People who hear voices, with and without a psychotic illness, are more sensitive than others to a 125-year-old experiment designed to induce hallucinations.
A stock image of a man with his hand positioned behind his right ear.

(Illustration by Michael S. Helfenbein)

People who hear voices — both with and without a diagnosed psychotic illness — are more sensitive than other subjects to a 125-year-old experiment designed to induce hallucinations. And the subjects’ ability to learn that these hallucinations were not real may help pinpoint those in need of psychiatric treatment, suggests a new Yale-led study published Aug. 11 in the journal Science.

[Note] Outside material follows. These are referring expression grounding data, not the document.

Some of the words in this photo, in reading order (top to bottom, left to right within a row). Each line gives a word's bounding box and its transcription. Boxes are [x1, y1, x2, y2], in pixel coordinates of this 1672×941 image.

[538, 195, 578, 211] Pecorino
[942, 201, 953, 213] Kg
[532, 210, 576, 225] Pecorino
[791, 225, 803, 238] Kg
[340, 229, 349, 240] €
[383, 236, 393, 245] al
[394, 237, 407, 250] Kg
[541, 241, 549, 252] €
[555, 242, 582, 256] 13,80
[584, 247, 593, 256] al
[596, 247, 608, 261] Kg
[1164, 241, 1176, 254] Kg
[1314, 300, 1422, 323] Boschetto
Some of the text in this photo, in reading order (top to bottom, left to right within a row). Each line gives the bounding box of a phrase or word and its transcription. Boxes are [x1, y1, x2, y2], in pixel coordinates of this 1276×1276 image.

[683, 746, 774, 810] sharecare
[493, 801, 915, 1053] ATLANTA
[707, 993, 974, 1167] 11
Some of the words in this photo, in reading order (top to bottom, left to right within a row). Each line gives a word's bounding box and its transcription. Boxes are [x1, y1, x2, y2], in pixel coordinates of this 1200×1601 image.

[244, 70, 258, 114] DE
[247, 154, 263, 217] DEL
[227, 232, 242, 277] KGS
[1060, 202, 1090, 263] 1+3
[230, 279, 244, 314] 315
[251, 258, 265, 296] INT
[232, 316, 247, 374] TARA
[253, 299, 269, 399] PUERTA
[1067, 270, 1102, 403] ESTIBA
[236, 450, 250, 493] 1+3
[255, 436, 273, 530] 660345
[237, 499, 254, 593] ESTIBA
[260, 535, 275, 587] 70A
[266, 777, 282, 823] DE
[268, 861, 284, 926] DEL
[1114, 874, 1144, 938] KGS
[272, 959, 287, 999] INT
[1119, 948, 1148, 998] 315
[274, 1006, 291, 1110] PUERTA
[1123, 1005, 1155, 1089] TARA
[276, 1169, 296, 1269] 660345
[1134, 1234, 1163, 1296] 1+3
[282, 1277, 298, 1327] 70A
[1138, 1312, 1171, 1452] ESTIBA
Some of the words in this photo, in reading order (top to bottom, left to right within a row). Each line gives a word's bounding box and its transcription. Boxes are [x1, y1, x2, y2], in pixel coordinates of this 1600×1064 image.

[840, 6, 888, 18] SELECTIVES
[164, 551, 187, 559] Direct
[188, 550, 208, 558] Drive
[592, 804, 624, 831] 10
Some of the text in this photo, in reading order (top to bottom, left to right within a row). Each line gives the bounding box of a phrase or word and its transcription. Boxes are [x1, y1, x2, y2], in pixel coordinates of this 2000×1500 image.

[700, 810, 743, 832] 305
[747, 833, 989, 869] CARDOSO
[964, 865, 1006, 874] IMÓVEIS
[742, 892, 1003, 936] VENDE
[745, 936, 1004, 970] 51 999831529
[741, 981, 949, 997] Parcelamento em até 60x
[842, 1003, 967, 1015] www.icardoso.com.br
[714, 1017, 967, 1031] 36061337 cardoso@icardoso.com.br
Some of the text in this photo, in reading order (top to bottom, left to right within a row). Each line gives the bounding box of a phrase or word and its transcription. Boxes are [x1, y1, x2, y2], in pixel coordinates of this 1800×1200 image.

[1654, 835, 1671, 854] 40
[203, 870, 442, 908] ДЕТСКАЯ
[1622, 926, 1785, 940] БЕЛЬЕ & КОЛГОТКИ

People with schizophrenia and other psychotic illnesses often report hearing voices, but so do other people with no diagnosed psychiatric disorder. Philip Corlett, an assistant professor of psychiatry, and Al Powers, a clinical instructor in psychiatry, wanted to identify factors that contribute to auditory hallucinations and to tease apart what makes some people’s experiences troubling and others’ benign.

Hallucinations may arise from an imbalance between our expectations about the environment and the information we get from our senses,” said Powers, the study’s lead author. “You may perceive what you expect, not what your senses are telling you.”

To test this idea, they used a technique developed at Yale in the 1890s designed to induce auditory hallucinations. In the experiment, four groups of subjects — voice-hearers (both psychotic and non-psychotic) and non-voice hearers (psychotic and non-psychotic) — were repeatedly presented with a light and a tone at the same time while undergoing brain scans. They were told to detect the tone, which was difficult to hear at times. Eventually, many subjects in all groups reported hearing a tone when only the light was presented, even though no tone was played. The effect, however, was much more pronounced in the two voice-hearing groups.

In both clinical and non-clinical subjects, we see some of the same brain processes at work during conditioned hallucinations as those engaged when voice-hearers report hallucinations in the scanner,” said Corlett, senior author of the study.

In a previous study, the researchers showed that a group of self-described voice-hearing psychics had similar voice-hearing experiences as patients with schizophrenia. Unlike patients, however, they tended to experience these voices as positive and reported an ability to exert more control over them.

The new experiment also used computational modeling to differentiate people with psychosis from those without. People with a psychotic illness had difficulty accepting that they had not really heard a tone and exhibited altered activity in brain regions that are often implicated in psychosis. These behavioral and neuroimaging markers may be an early indication of pathology and could help identify those who are in need of psychiatric treatment, the authors said.

Chris Mathys of the International School of Advanced Studies in Trieste Italy is the second author of the paper.  

The Brain & Behavior Research Foundation was primary funder of the research.